PR: Interesting. I wonder if we could dig into the Credit AI piece you just talked about. You mentioned 7 trillion data points, which is a truly staggering number. How are you using AI to really enhance the consumer experience?
AN: We use AI in many different ways. One way to use AI is we have observed what people, for example, apply for, let’s say a credit card, auto loan or consumer loan. And to the degree that with many financial institutions, we’ve integrated with their existing product set, we’re able to match them with those products with high confidence. To the degree that there are financial products that we have not integrated, we’re an open platform; we work with everybody. We’ve seen who gets approved and who gets denied for those products based on their credit profile. So the AI is able to look at your credit profile and, based on 10 years of history and constant learning, we’re collecting over 2.6 billion data points on a daily basis, is then able to help you, say, what are your chances of getting approved for certain products today? So you’re not taking a risk and applying and getting rejected and, therefore, potentially negatively impacting your credit. So that’s one use of AI. The other use of AI is understanding how credit discourse works and credit scoring models work. Our AI is able to analyze consumer credit information against the credit scoring models and then come up with strategies and ideas that consumers could implement to see their credit scores improve. So, not all credit products are the same. For example, you could get a new card, or you could get a new loan, but you may not know what the impact of this new loan is on your overall credit or financial health. So our AI enables consumers to access the credit that they need, but also do it in a way that improves their credit rather than, for example, having a negative impact on their credit. And in this case, you’re looking at processing a lot of information, your entire credit information, by the way, not just from one credit bureau, from all three credit bureaus, and sometimes they are not the same. They’re varying information against credit scoring models against various financial products that are offered in the industry. So, there’s a lot of data crunching that goes into it, but our AI could do that in a matter of a couple of seconds and come back with recommendations, suggestions, and insights that could help consumers get better in their finances.
PR: Interesting. Obviously, your name is Credit Sesame, you focus more on the credit side, but when you say help people get better at their finances, are you giving them ideas beyond credit, or are you really just focusing on how they’re using credit?
AN: No, we are exclusively focused on credit. As I mentioned, I think for the majority of US consumers, credit wellness is financial wellness, especially for the two-thirds that don’t even have savings. But we have really become an expert in everything credit, from understanding to leveraging credit to acquiring credit to managing credit, et cetera, and even protecting yourself against identity theft, identity fraud that typically leads to bad credit or somebody using your identity to obtain a credit card on your behalf. So we’re more focused on overall credit, but as I mentioned, for most people, credit wellness is financial wellness.

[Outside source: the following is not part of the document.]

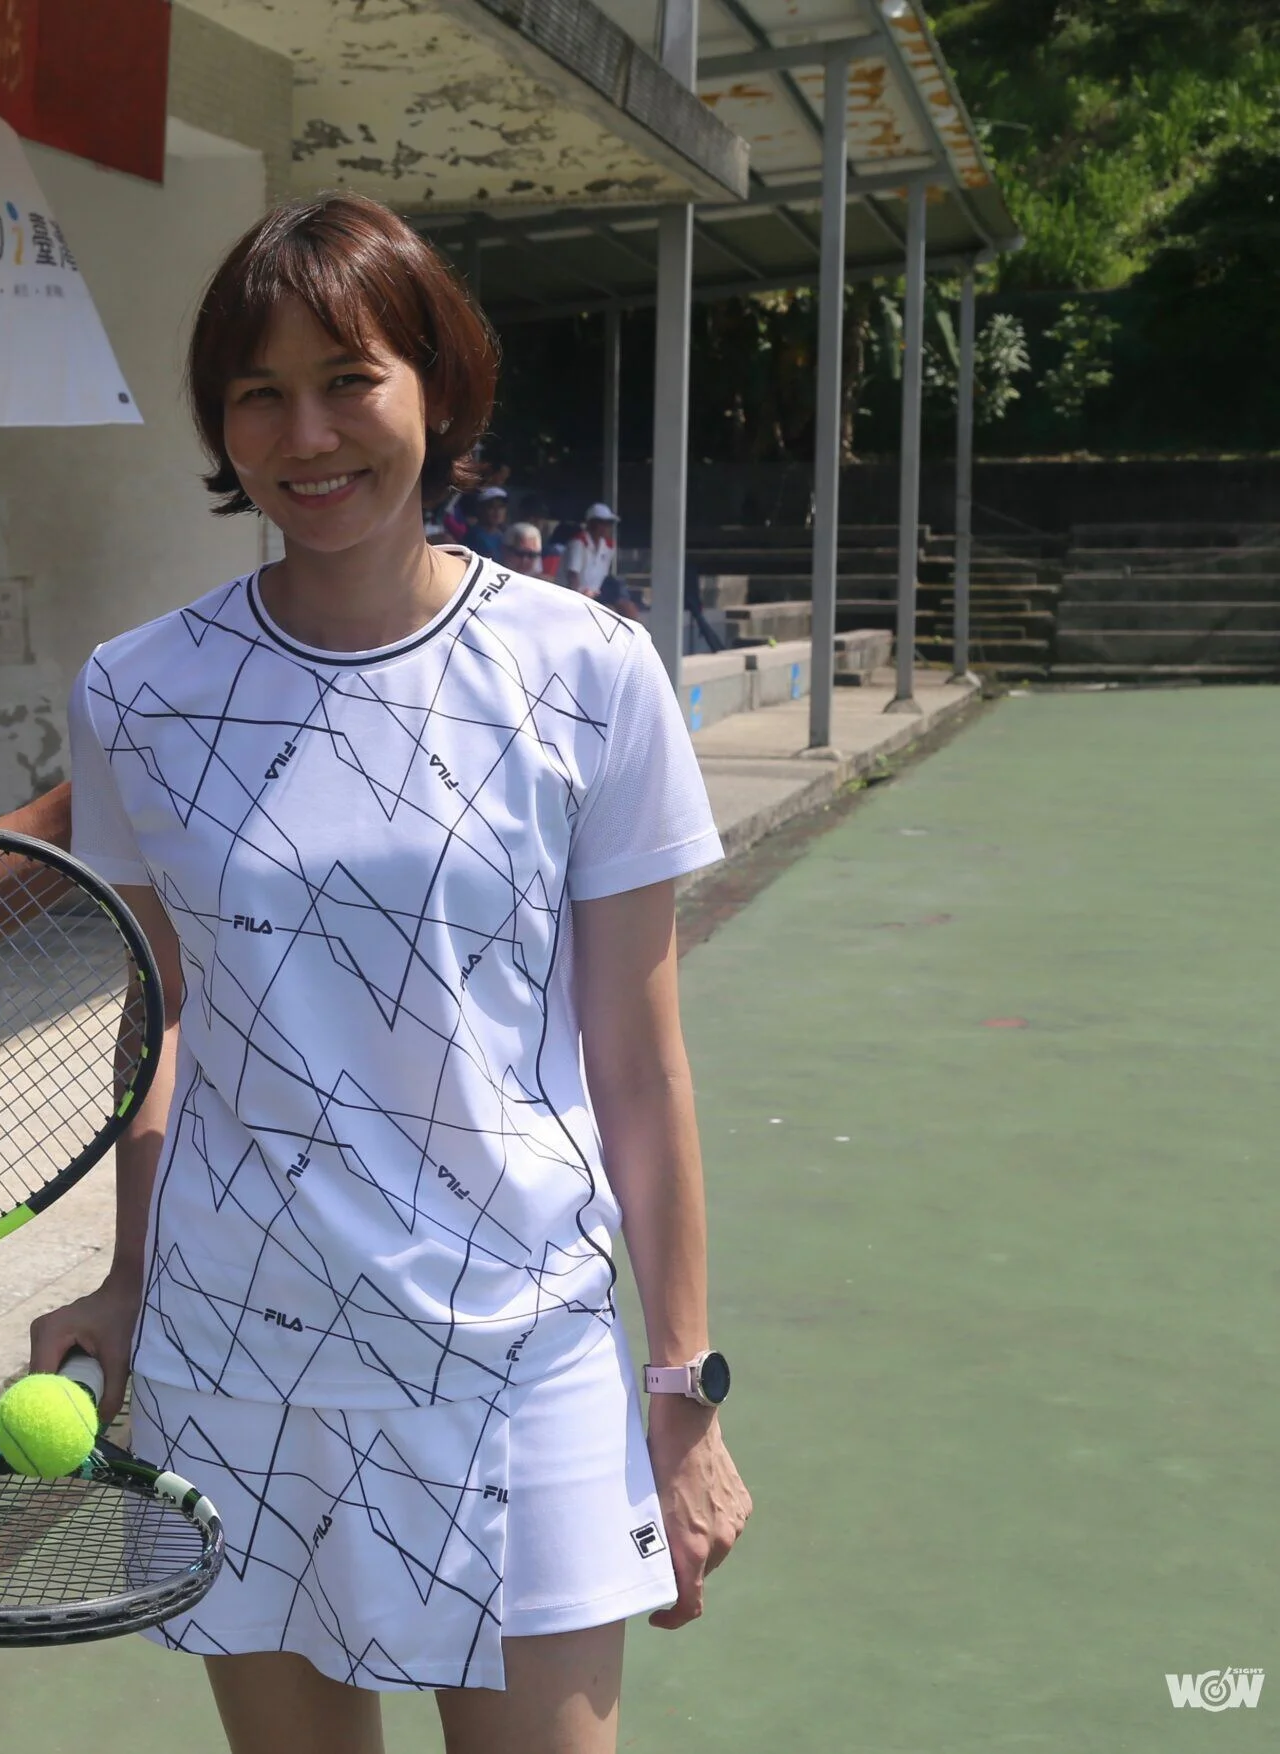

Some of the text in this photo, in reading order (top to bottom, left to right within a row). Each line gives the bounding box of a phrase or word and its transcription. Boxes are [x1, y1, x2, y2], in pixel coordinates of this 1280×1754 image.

PR: Right. Okay. So, I want to switch gears a little bit because I noticed you recently moved into the B2B space, which I was really curious about. You’ve launched Sesame for Business. Maybe tell us what that is and why you did that.
AN: So we’ve become a trusted source for many consumers. As I said, we’ve served over 18 million, and our goal has been to bring in innovation. we’ve got, as I said, six patents and AI to help consumers. Over the years, we’ve been approached by large financial institutions and non-financial institutions who have shared our vision or mission of helping their clients achieve better financial health or credit health. Until recently, we couldn’t help them. But three years ago, we set out to build a new generation of our platform, which we call Sesame Platform. Credit Sesame is the first user of that platform to integrate AI, better visualization, etc. And because of that investment we’ve made, we’re now able to bring in or over a decade of experience, our AI, our patents, our learning of what consumers really want and how creditors have behaved in the past to the market to allow other financial institutions to do as good of a job for their clients as we have been doing, to take the learnings we’ve had over a decade to implement, for their own clients. So this is, in many ways, a continuation of our mission to continuously bring innovative solutions to help people manage their credit. But in this case, with the Sesame platform, we’re able to reach consumers to our partnerships with financial institutions. So that’s the Sesame platform. It’s called Sesame for Enterprise. And Sesame for Enterprise is an embedded credit management in a box that is highly customizable, highly configurable, scalable, and regulatory compliant, which allows even retailers, such as telcos and financial institutions to offer much to basically elevate their clients’ credit and financial experience.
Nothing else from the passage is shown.